## What the task requires
Only the lines from the one containing "this 1211×1700 image." through the end of the data below should be copied, each exactly as written and with both ends kept.

Input for this task: Begin

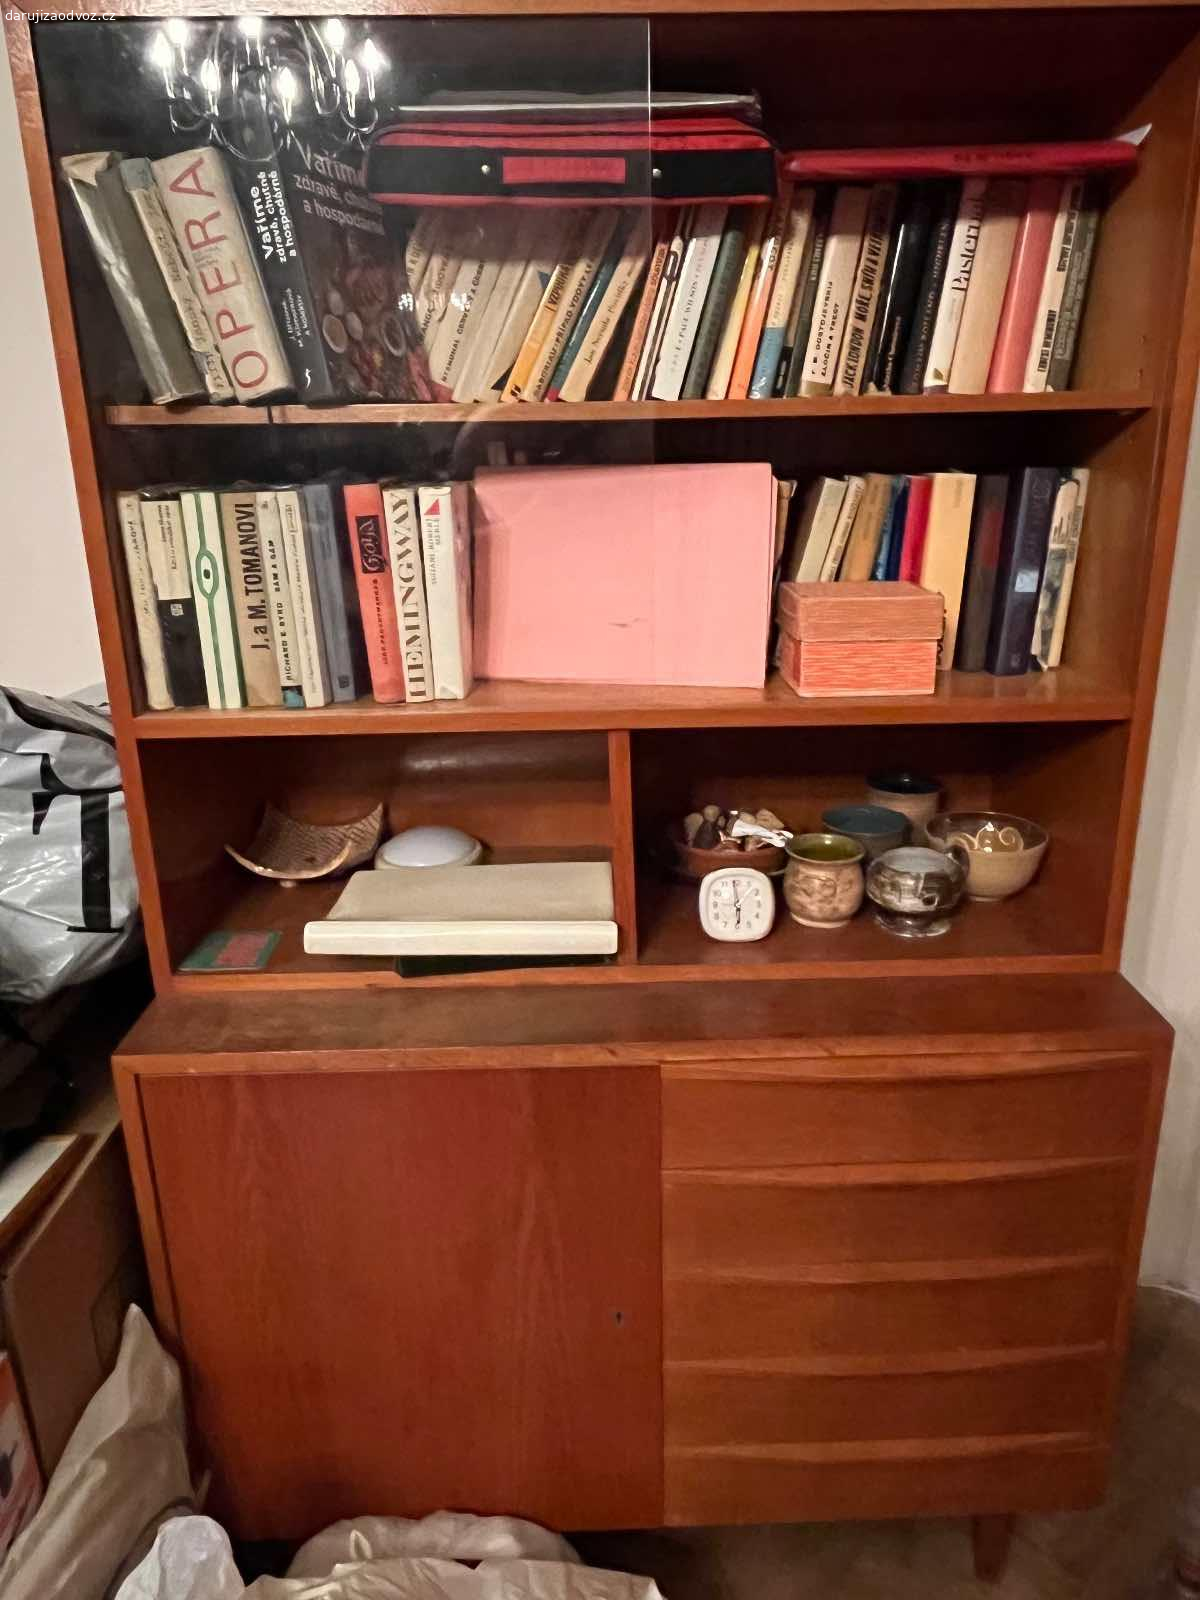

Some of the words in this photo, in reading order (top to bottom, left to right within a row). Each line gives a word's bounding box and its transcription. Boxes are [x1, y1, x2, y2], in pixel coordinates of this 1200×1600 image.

[250, 186, 274, 260] Vaříme
[168, 156, 272, 390] OPERA
[234, 503, 263, 597] TOMANOVI
[247, 599, 268, 620] M.
[276, 602, 285, 627] BYRD
[390, 491, 427, 698] HEMINGWAY
[250, 638, 270, 650] J.
[254, 624, 267, 635] a
[281, 640, 292, 681] RICHARD
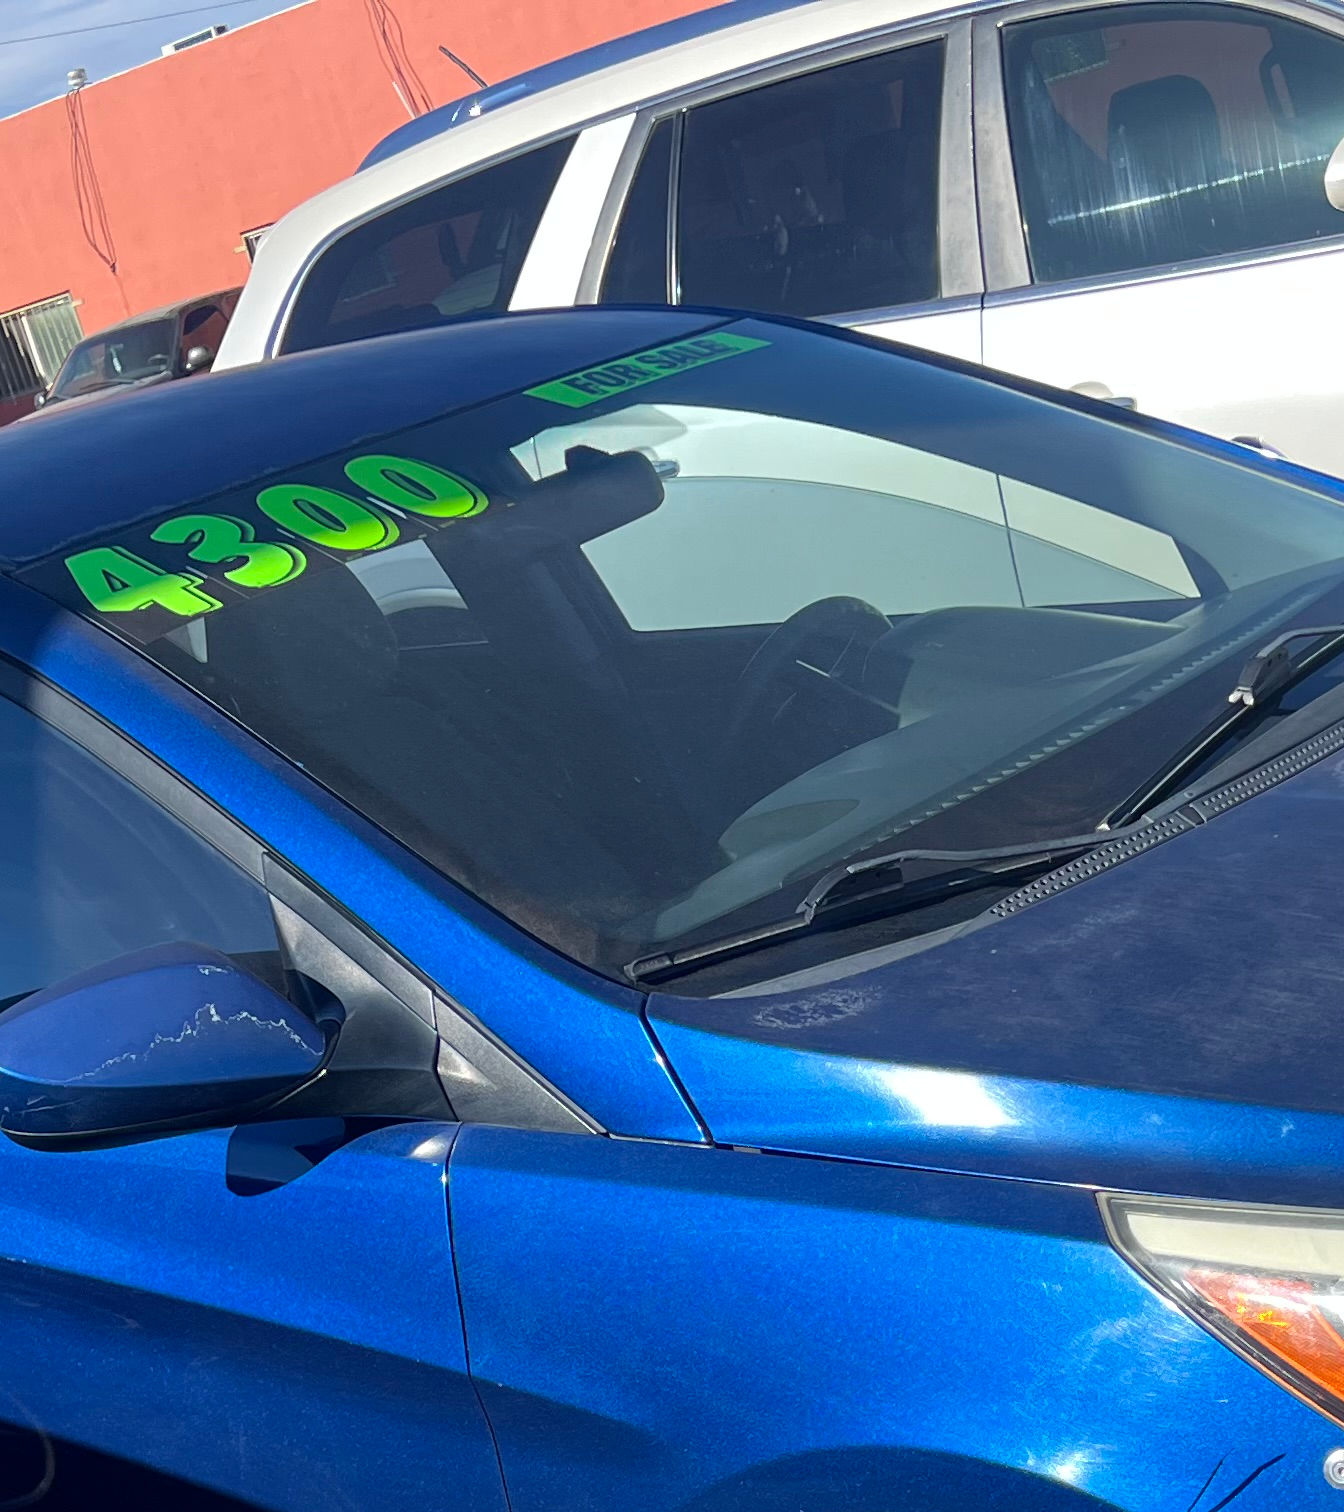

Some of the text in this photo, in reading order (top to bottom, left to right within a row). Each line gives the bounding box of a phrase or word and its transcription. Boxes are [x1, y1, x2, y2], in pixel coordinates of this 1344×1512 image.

[563, 339, 733, 395] FOR SALE
[65, 455, 489, 617] 4300
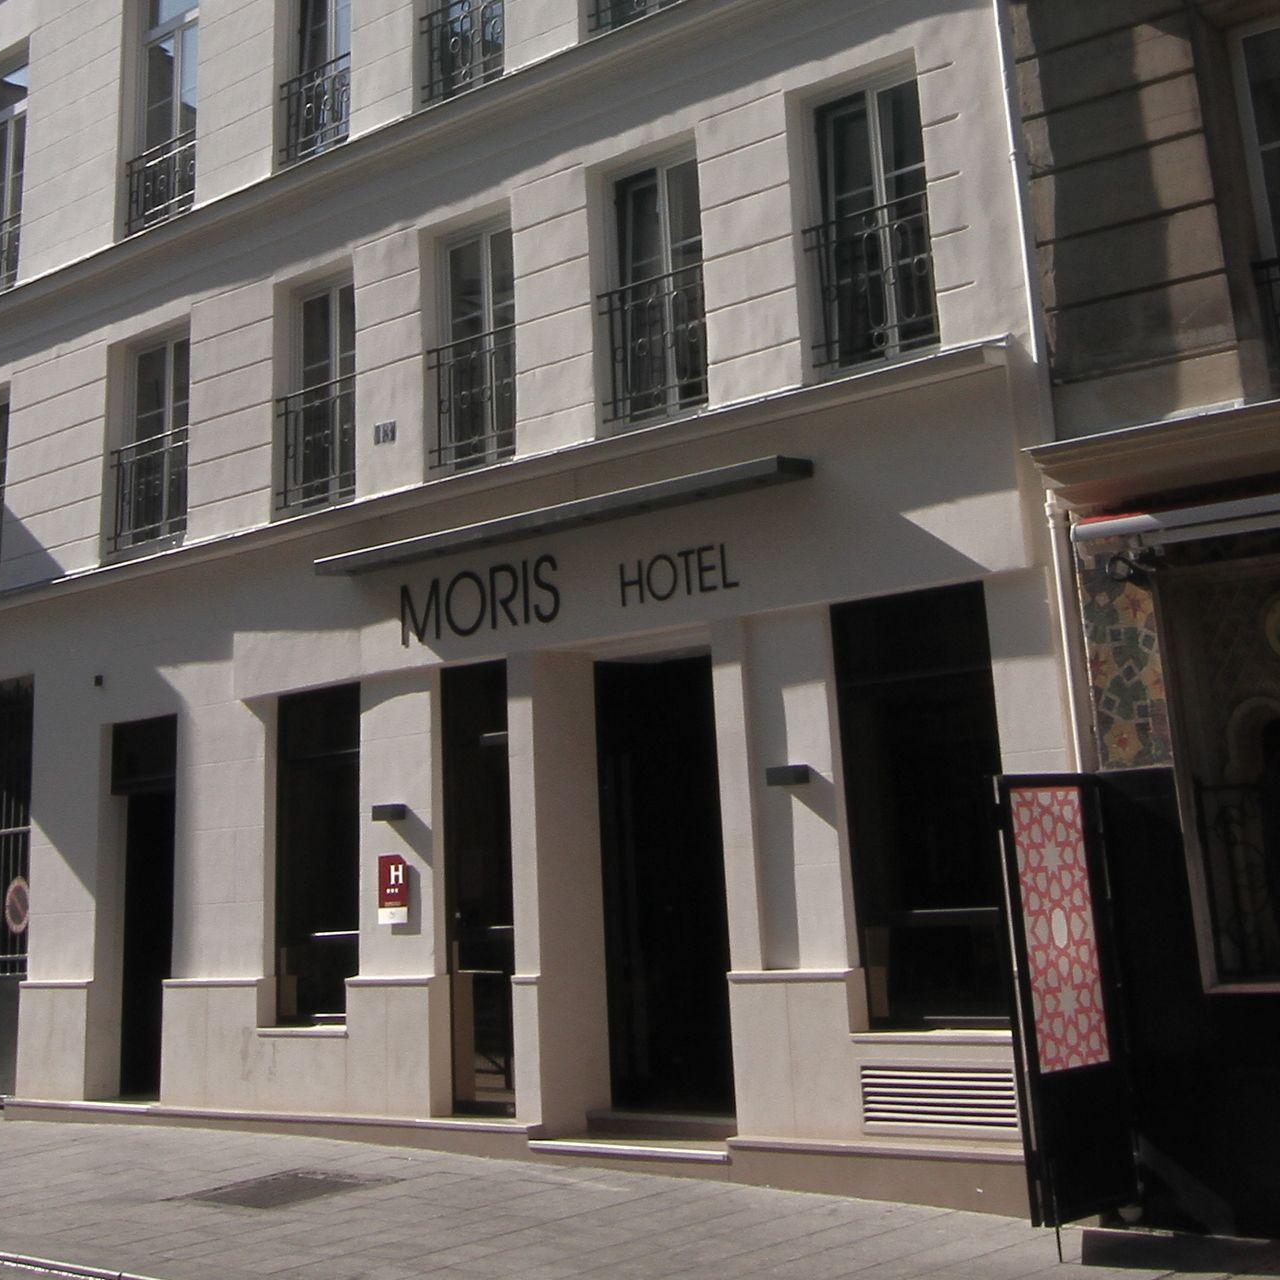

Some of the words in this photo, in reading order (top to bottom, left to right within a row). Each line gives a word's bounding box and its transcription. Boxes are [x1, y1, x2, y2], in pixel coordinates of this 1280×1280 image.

[400, 554, 561, 646] MORIS
[619, 543, 740, 607] HOTEL
[390, 864, 404, 885] H
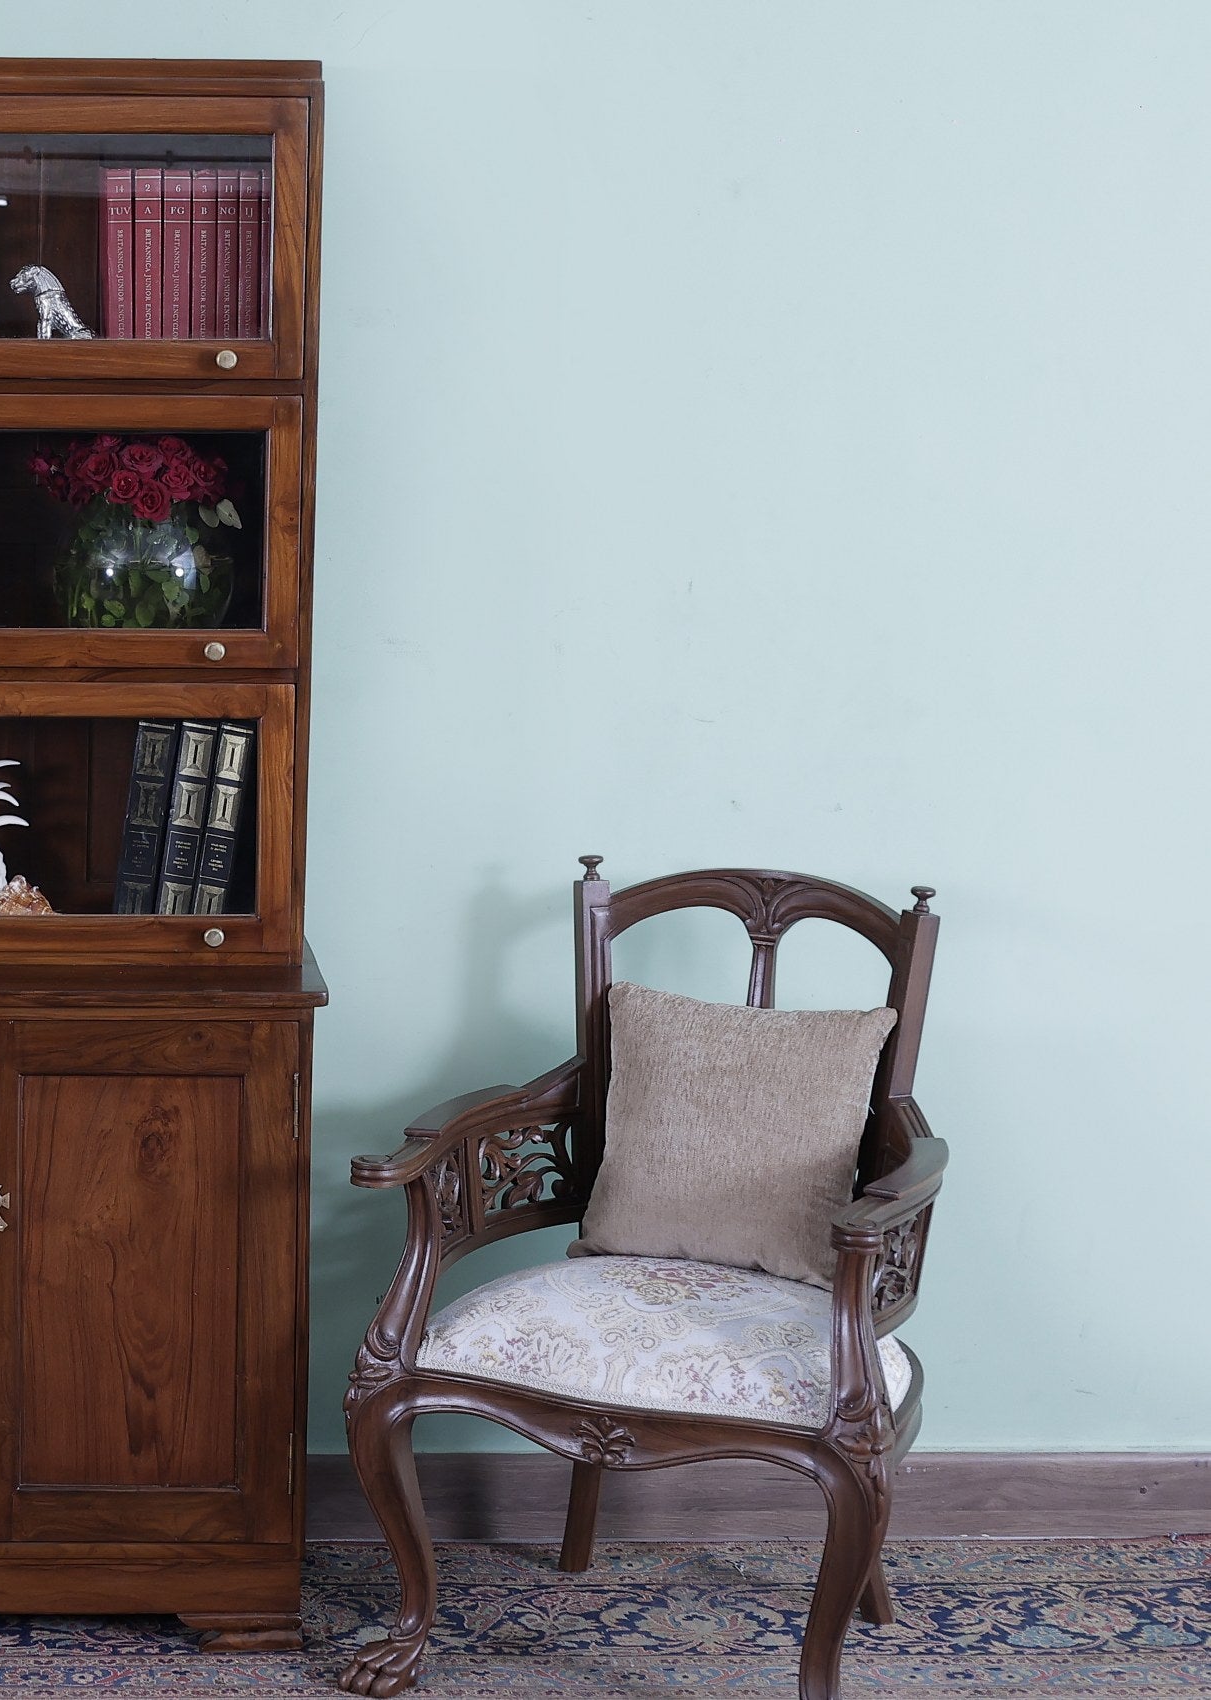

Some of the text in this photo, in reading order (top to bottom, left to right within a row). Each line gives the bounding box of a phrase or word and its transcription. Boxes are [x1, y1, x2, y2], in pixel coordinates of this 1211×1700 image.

[115, 185, 124, 193] 14
[144, 184, 151, 192] 2
[175, 184, 181, 192] 6
[202, 185, 208, 193] 3
[108, 207, 131, 216] TUV
[144, 206, 152, 214] A
[170, 207, 185, 215] FG
[201, 207, 207, 215] B
[219, 207, 236, 215] NO
[116, 274, 124, 302] JUNIOR
[144, 274, 152, 302] JUNIOR
[172, 274, 180, 302] JUNIOR

Input for this task: End

## Output below
Some of the text in this photo, in reading order (top to bottom, left to right within a row). Each line gives the bounding box of a phrase or word and its transcription. Boxes are [x1, y1, x2, y2], in pixel coordinates of this 1211×1700 image.

[115, 185, 124, 193] 14
[144, 184, 151, 192] 2
[175, 184, 181, 192] 6
[202, 185, 208, 193] 3
[108, 207, 131, 216] TUV
[144, 206, 152, 214] A
[170, 207, 185, 215] FG
[201, 207, 207, 215] B
[219, 207, 236, 215] NO
[116, 274, 124, 302] JUNIOR
[144, 274, 152, 302] JUNIOR
[172, 274, 180, 302] JUNIOR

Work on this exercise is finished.